Background technology
Along with the progress and the expanding economy of society, this novel illness of dysthymia disorders is just perplexing modern's life, has a strong impact on people's health level.The patients with depression whole world has reached more than 3.4 hundred million people at present, is the fourth-largest disease in the world, and it will rise to world's second largest disease (being only second to cardiovascular and cerebrovascular diseases) to predict the year two thousand twenty.A joint study of the World Health Organization, the World Bank and Harvard University shows, dysthymia disorders has become second serious disease of Chinese disease burden, but 10% the patient of only having an appointment has obtained effective treatment.Paroxetine is developed by U.S. Smith-Kline Beecham company the earliest, and released as thymoleptic in 1992, it is first serotonin reuptake inhibitor (SSRIs) medicine for the treatment of depressed and anxiety simultaneously, also is that one of the most general thymoleptic are used in the whole world at present.Paroxetine is as a kind of strong serotonin reuptake inhibitor, has curative effect aspect the depressant drug treatment certainly, side reaction has waited advantage less, and its domestic hospital administration amount of money increases year by year in recent years, therefore come first of all kinds of thymoleptic, develop paroxetine and intermediate will bring good economic and social benefit.
(4R, 5S)-5-ethyl formate-4-(4-fluorophenyl)-1-R-2,6-dioxopiperidin-3-carboxylic acid (I) is synthetic (3S, 4R)-important intermediate of 4-(4-fluorophenyl)-3-methylol-1-R-piperidines (III), (3S, 4R)-4-(4-fluorophenyl)-3-methylol-1-R-piperidines (III) is called left-handed Paro alcohol again, is the important intermediate of synthetic thymoleptic paroxetine.Chinese patent CN200910101041.9 has reported that chirality 4-replaces-2,6-dioxopiperidin-3, and the preparation method of 5-diformate mono amides is shown below:
This method replaces-2 with 4-, 6-dioxopiperidin-3,5-dioctyl phthalate compounds is a raw material, under the effect of biological enzyme with organic amine or ammonia gas react, in organic solvent, replace-2,6-dioxopiperidin-3,5-diformate mono amides in 15-60 ℃ of preparation chirality 4-, yield>85%, purity>97%.

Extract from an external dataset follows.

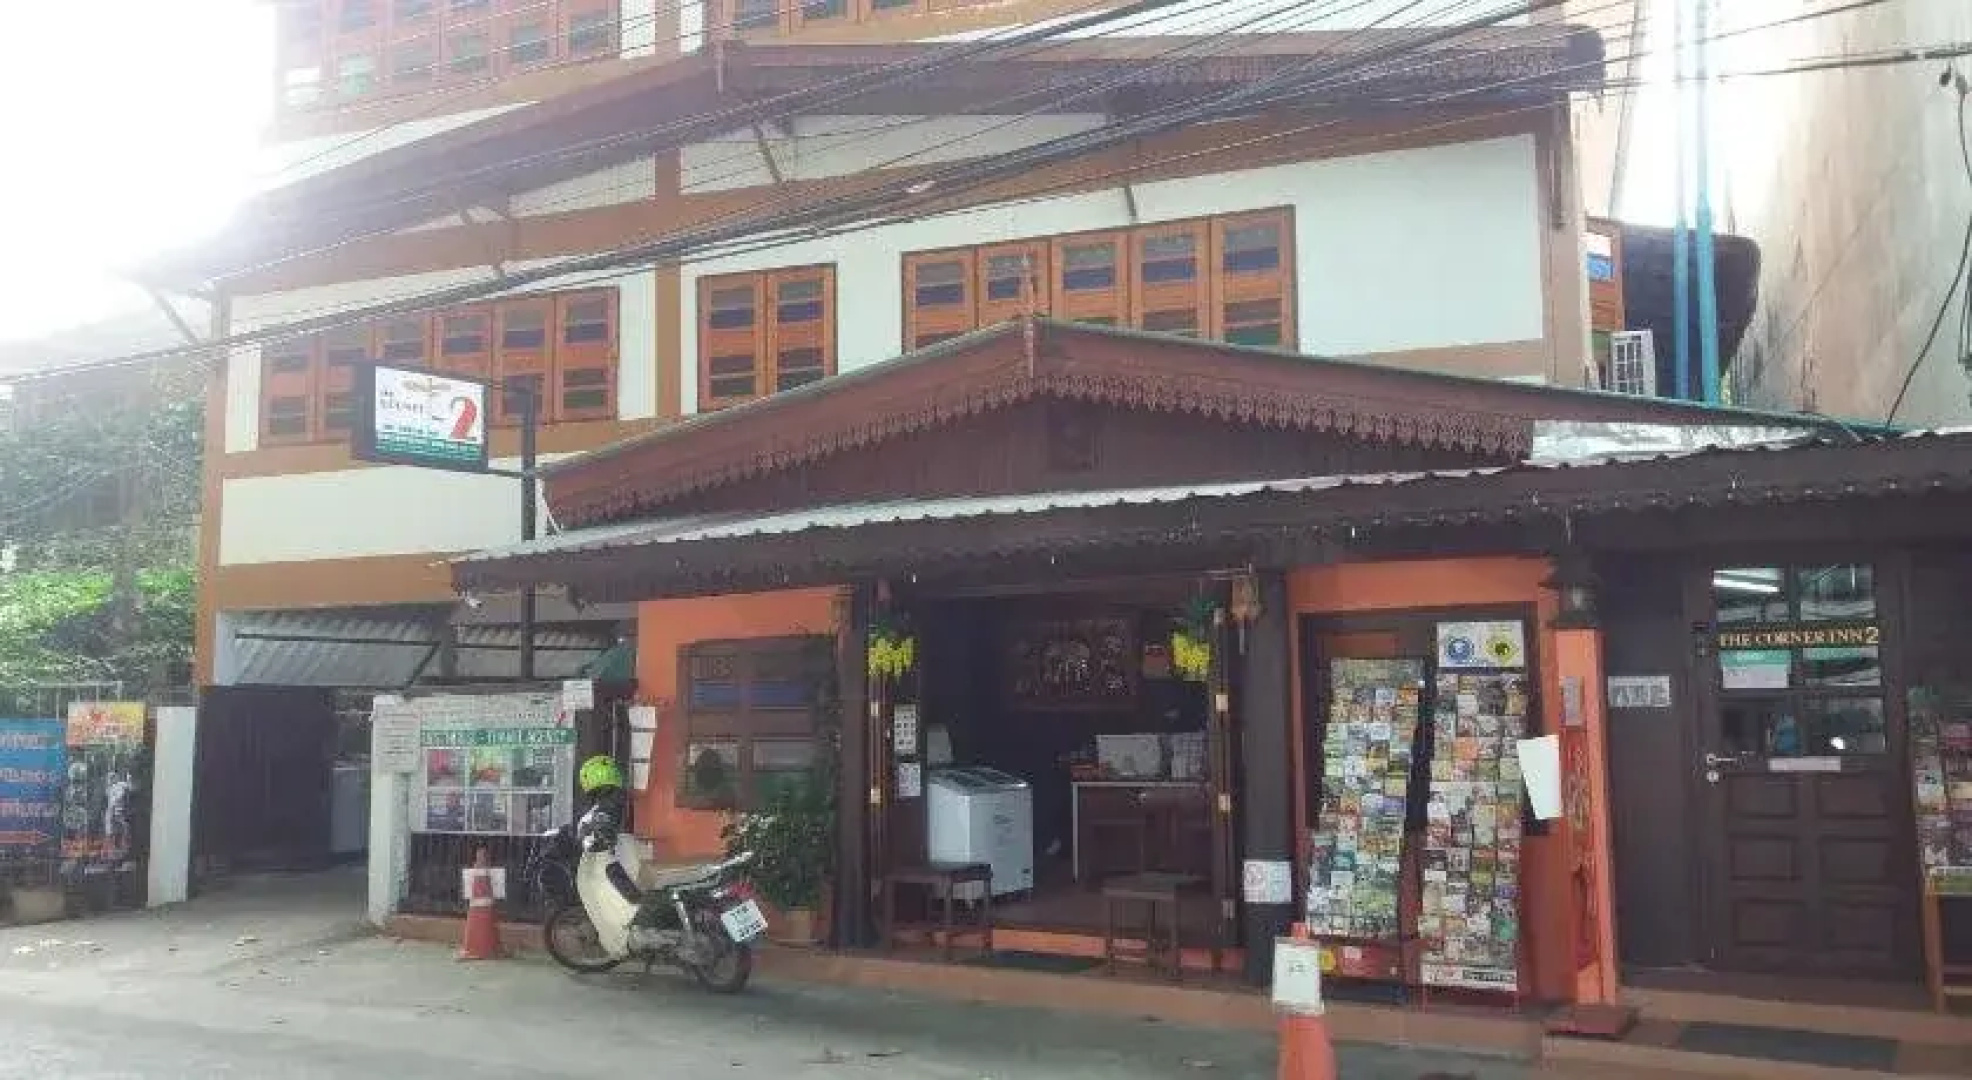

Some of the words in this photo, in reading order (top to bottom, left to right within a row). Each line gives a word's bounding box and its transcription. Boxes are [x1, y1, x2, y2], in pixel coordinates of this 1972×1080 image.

[1719, 632, 1750, 647] THE
[1755, 629, 1825, 645] CORNER
[1830, 628, 1863, 645] INN
[1865, 626, 1879, 644] 2

Core patent WO9322284A1, WO9403428A1, WO9802556A2 have reported and have utilized Carboxylesterase specificity hydrolyzing type (IV) compound paroxetine intermediate formula (IVA) compound, reduction can obtain the left-handed Paro alcohol of paroxetine important intermediate to this compound through a step, is shown below:
WO9322284A1 the mixed system of Tris damping fluid and DMSO (9: 1, adopt Pig Liver Esterase specificity hydrolyzing type (IV) compound paroxetine intermediate formula (IVA) compound in v/v), be 90: 10 (IVA) with (IVB) ratio of isomer.WO9403428A1 screens the bacterium producing multi enzyme preparation that obtains strain Achromobacter sp. by name at this route to surpassing 300 kinds of microorganisms, this reaction of enzyme catalysis of using separation and purification to obtain, and optimal pH is between 7-8, and final product ee value only is 30%.WO9802556A2 adopts molecular biology method to make up and produces the catalysis that the enzyme genetic engineering bacterium is used for this reaction, and yield is up to 90%-95%.The formula that this route uses (IV) compound is racemic modification, still has 50% isomer can not be used for the preparation of final paroxetine after the hydrolysis, so this route exists raw material availability low, the deficiency that production cost is high.

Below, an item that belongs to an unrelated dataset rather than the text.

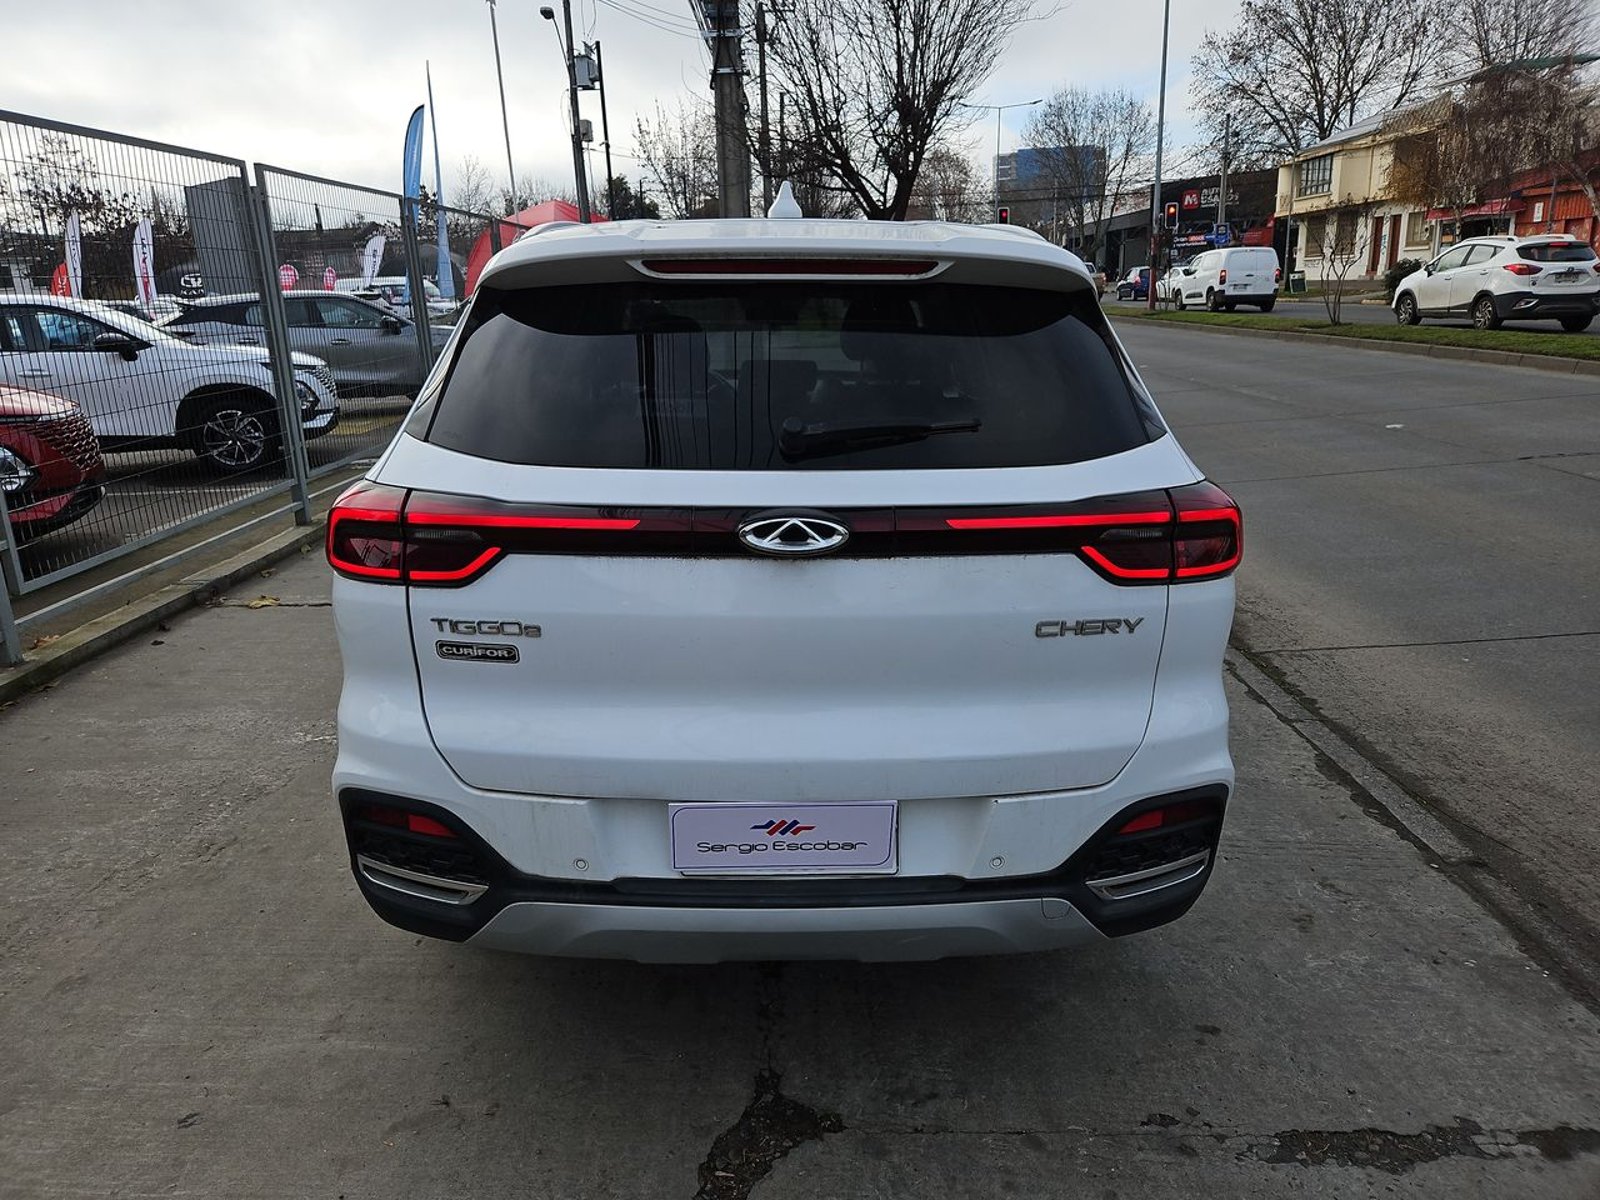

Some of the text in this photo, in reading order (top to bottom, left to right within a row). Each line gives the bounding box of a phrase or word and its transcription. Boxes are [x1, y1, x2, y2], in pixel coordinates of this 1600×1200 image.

[1035, 617, 1145, 638] CHERY
[441, 645, 510, 657] CURIFOR
[697, 839, 868, 855] Sergio Escobar
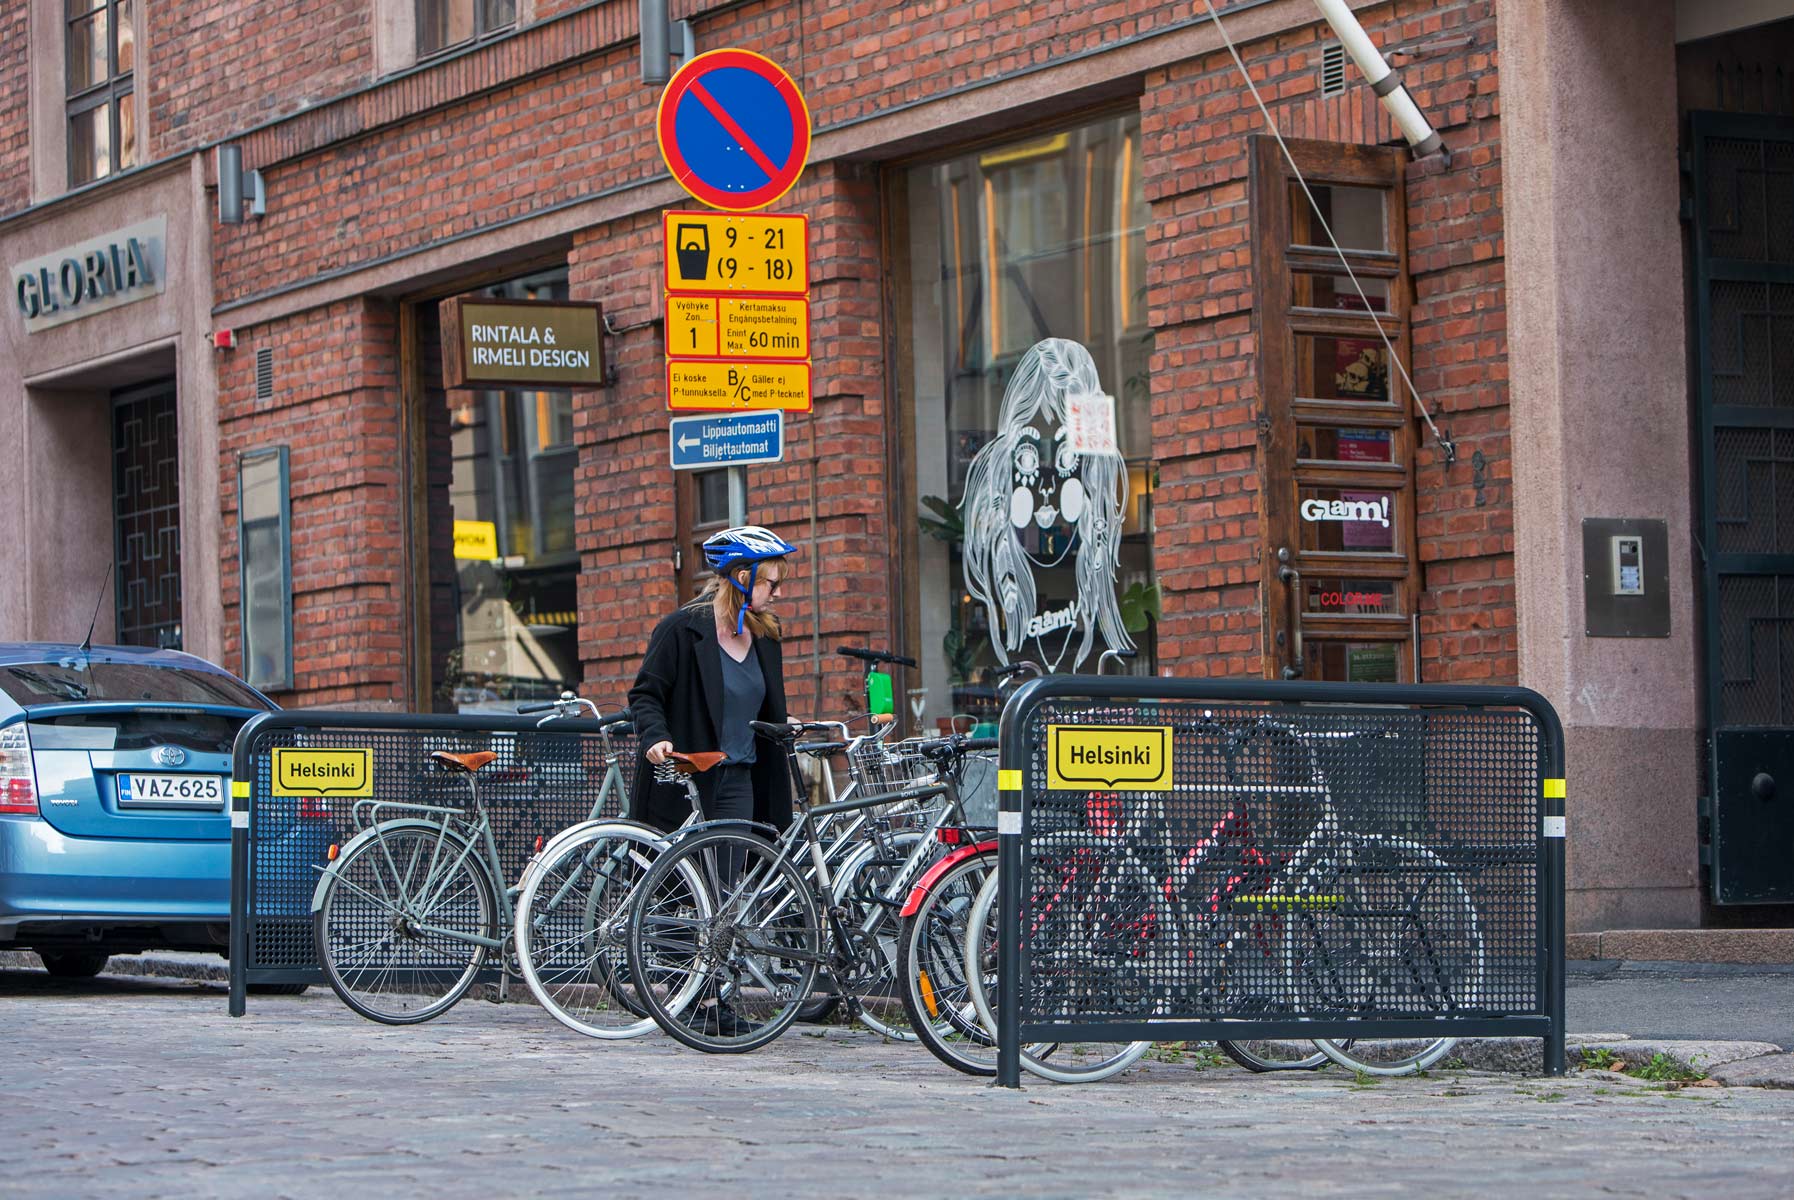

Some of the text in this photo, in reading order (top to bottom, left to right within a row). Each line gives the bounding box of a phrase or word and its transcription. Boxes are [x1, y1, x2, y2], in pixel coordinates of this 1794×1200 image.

Core patent WO2009005647A2 has reported that biological enzyme selective hydrolysis formula V compound is through formula (VI) compound paroxetine intermediate formula (VII) compound, reduction can obtain the left-handed Paro alcohol of paroxetine important intermediate to this compound through a step, is shown below:
This method at first prepares the formula V compound, select then lytic enzymes such as esterase, lipase or proteolytic enzyme as catalyzer in buffer solution system behind the selectivity catalytic hydrolysis decarboxylation finally obtain formula (VII) compound, this route theoretical yield is 100%, with respect to the Split Method theoretical yield is for 50%, and this route raw material availability height, production cost be low, have more practical value.But for improving the mixed system that concentration of substrate has adopted damping fluid and organic solvent, the use of organic solvent is unfavorable for environment protection to this route in hydrolytic process.

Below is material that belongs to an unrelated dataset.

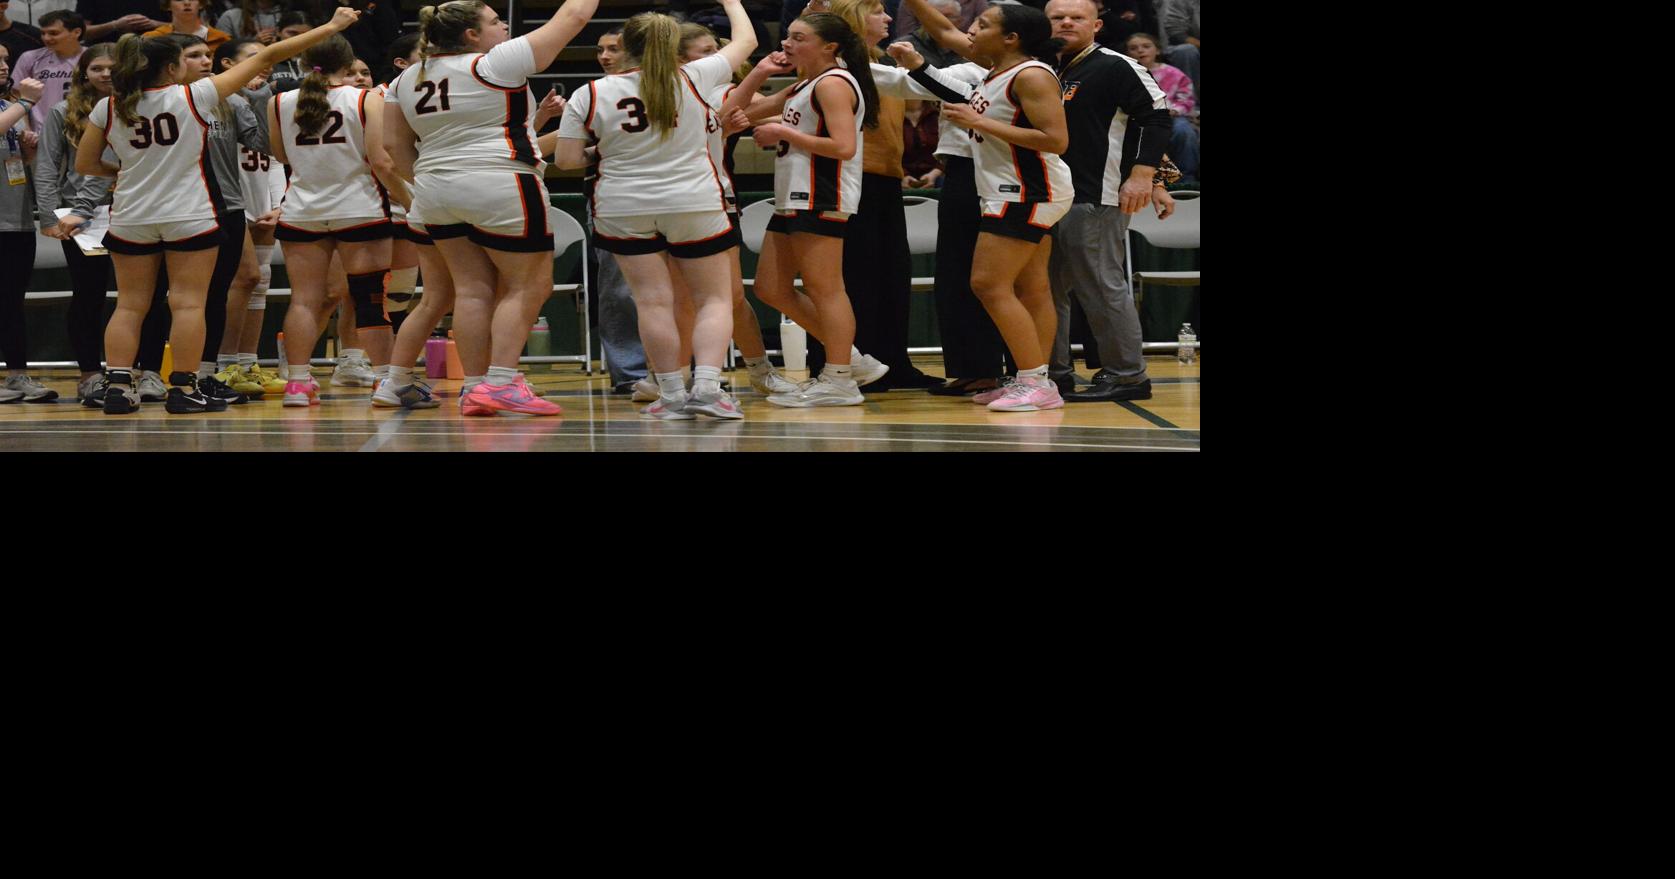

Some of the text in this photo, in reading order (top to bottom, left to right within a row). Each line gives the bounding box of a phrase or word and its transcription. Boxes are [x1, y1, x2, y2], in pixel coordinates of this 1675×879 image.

[414, 78, 450, 114] 21
[127, 111, 180, 150] 30
[241, 147, 270, 172] 35

Ionic liquid is as the existing more research report of the research of biocatalytic reaction medium and become the research focus gradually.Ionic liquid is called as " green liquid ", have a lot of organic solvents incomparable advantage: 1). a lot of organic compound are had good solvability; 2). there is not vapour pressure substantially, not flammable, excellent chemistry and thermostability are arranged, the easily separated compound that is dissolved in wherein can recycle; 3). designability is strong, can be by changing negatively charged ion or positively charged ion is regulated even thoroughly change ion liquid character, thus ionic liquid of " design " synthetic suitable certain special reaction; 4). can keep even improve catalytic activity, operational stability and the stereoselectivity of enzyme and microbe whole-cell.Therefore develop a kind of novel method that the enzymatic selective hydrolysis prepares the paroxetine intermediate of high-optical-purity in ionic liquid and will have good application prospects.
Summary of the invention
The purpose of this invention is to provide a kind of in ionic liquid the enzymatic selective hydrolysis prepare the novel method of the paroxetine intermediate of high-optical-purity, especially enzymatic selective hydrolysis preparation (4R in a kind of ionic liquid, 5S)-and 5-ethyl formate-4-(4-fluorophenyl)-1-R-2, the method for 6-dioxopiperidin-3-carboxylic acid.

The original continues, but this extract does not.